公認会計士試験/平成30年第I回短答式/財務会計論/問題9

出典: フリー教科書『ウィキブックス(Wikibooks)』
←前の問題
次の問題→

問題[編集]

 付随費用の処理に関する次の記述のうち,正しいものの組合せとして最も適切な番号を一つ選びなさい。(8点)

ア.上場株式を売買目的有価証券として取得した場合,その取得に要した手数料などの付随費用は,取得時の費用として計上し,売買目的有価証券の取得原価に算入してはならない。これは,売買目的有価証券は時価評価されて,一期間中における時価の変動差額を投資の成果とみなすためであり,その投資の成果を正確に測定するためには,付随費用を除外しなければならないからである。

イ.委託販売を行っている場合,商品を受託者(販売代理人)に移送することに伴う輸送費と,受託者が当該商品を受領するときに生じる検収費用は,ともに委託商品(積送品)に係る不可避的な付随費用であるから,委託商品の取得原価に算入する。
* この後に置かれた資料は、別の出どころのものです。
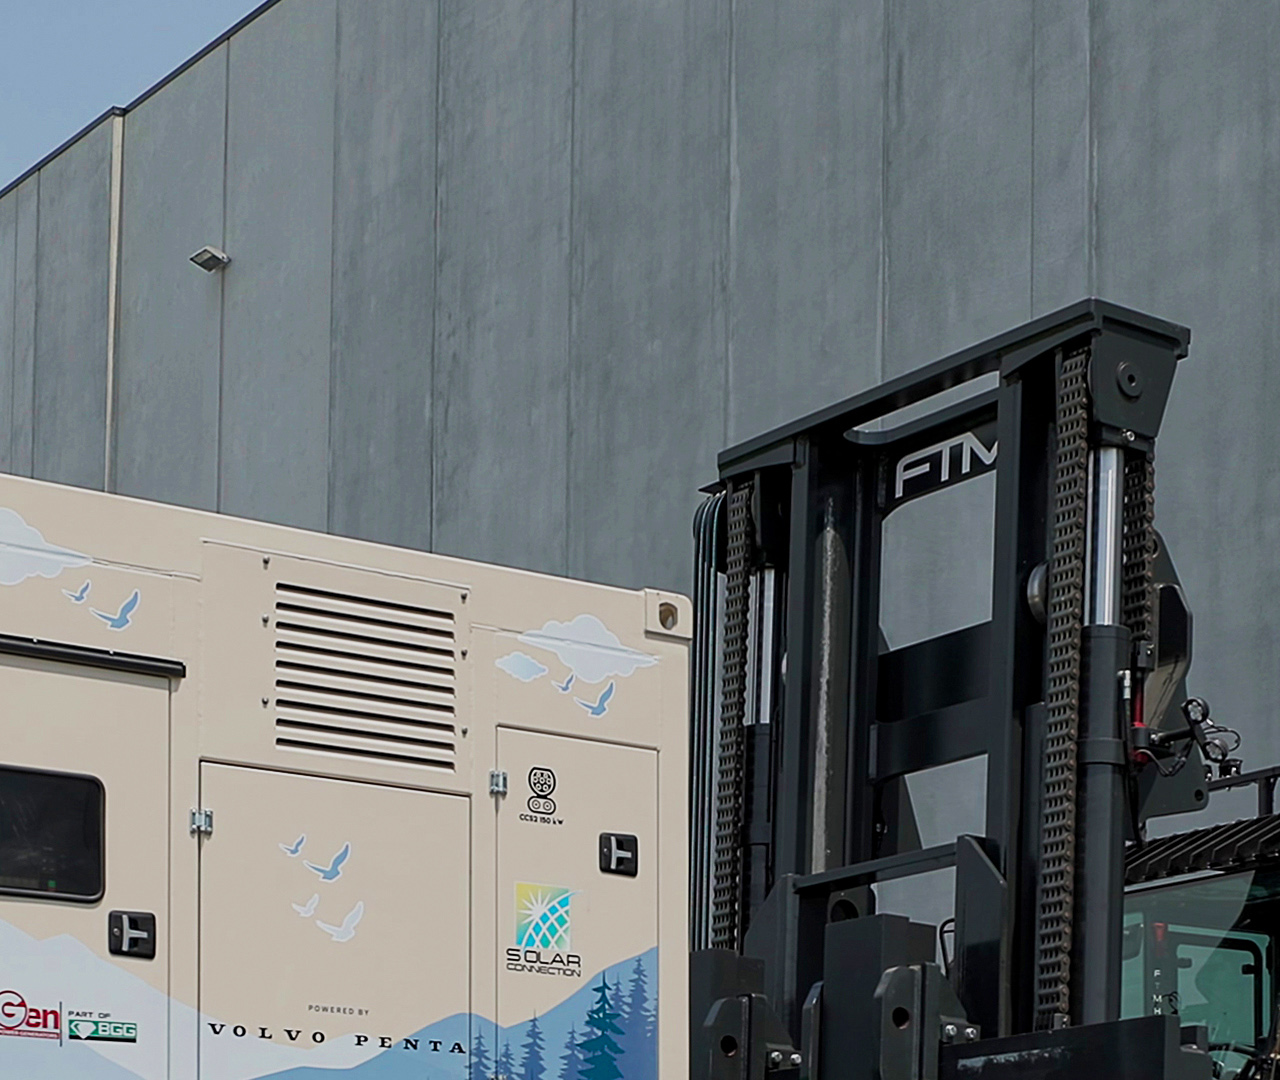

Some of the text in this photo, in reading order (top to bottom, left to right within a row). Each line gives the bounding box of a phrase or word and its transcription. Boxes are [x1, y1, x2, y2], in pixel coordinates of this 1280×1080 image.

なお,受託者側の付随費用が販売後に連絡されてくる場合であって,当該付随費用が受託者による第三者への販売分と在庫分(保有分)とに分けられるときには,後者のみを棚卸資産の取得原価に算入する。

ウ.大型で高額な製造設備を海外から購入した場合,海外からの輸送費,輸送中の保険料,設備の設置費用などは,不可避的な付随費用としての性格をもつ限り,当該設備の取得原価に算入する。一方,新設備を導入したことにより保守点検組織を改編した場合,その改編に伴う従業員研修および訓練のための費用は,当該設備の取得原価には算入できない。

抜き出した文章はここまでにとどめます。